__EXERCISE AIM__. Leaving out any pictures, transcribe every record exactly.

__DATA IN THIS EXERCISE__.
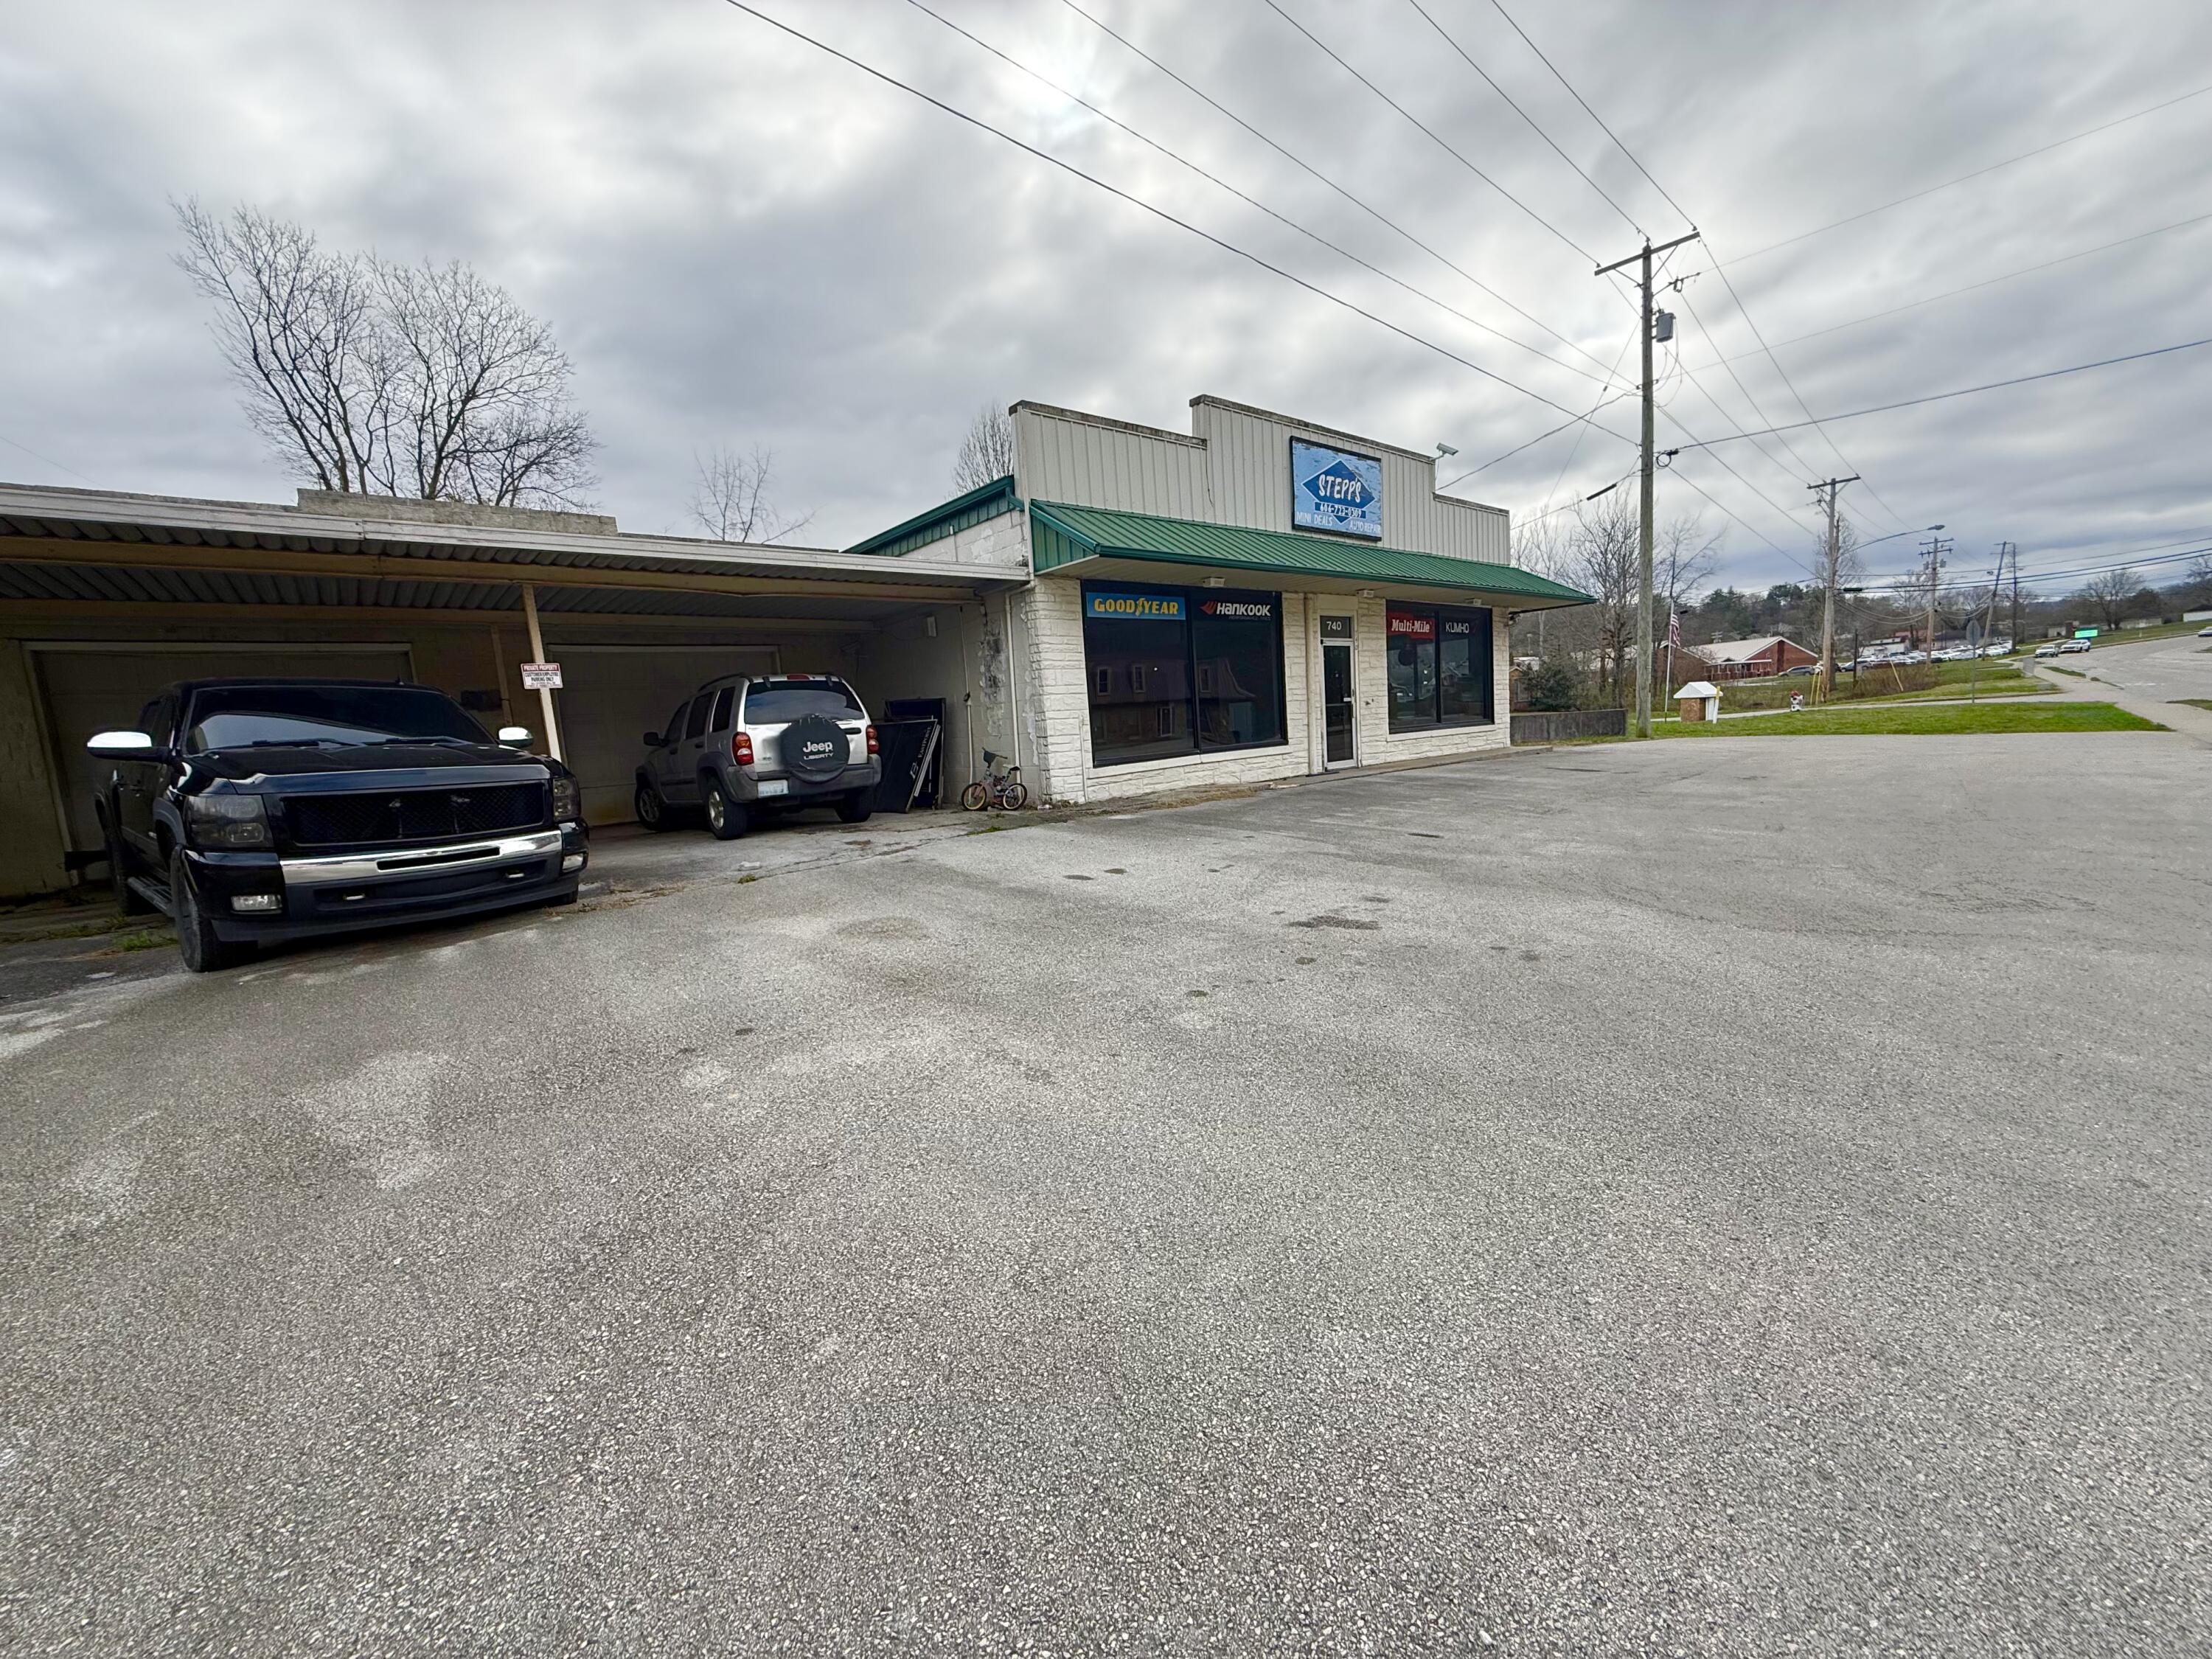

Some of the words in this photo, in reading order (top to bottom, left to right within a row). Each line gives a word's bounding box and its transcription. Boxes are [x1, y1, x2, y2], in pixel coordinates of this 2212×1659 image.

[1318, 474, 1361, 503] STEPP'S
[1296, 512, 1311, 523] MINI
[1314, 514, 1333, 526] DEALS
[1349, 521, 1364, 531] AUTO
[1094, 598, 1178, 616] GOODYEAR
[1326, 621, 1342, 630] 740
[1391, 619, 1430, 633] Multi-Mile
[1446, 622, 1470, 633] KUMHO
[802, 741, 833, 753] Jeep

__RESPONSE TO THE TASK__.
Some of the words in this photo, in reading order (top to bottom, left to right within a row). Each line gives a word's bounding box and its transcription. Boxes are [x1, y1, x2, y2], in pixel coordinates of this 2212×1659 image.

[1318, 474, 1361, 503] STEPP'S
[1296, 512, 1311, 523] MINI
[1314, 514, 1333, 526] DEALS
[1349, 521, 1364, 531] AUTO
[1094, 598, 1178, 616] GOODYEAR
[1326, 621, 1342, 630] 740
[1391, 619, 1430, 633] Multi-Mile
[1446, 622, 1470, 633] KUMHO
[802, 741, 833, 753] Jeep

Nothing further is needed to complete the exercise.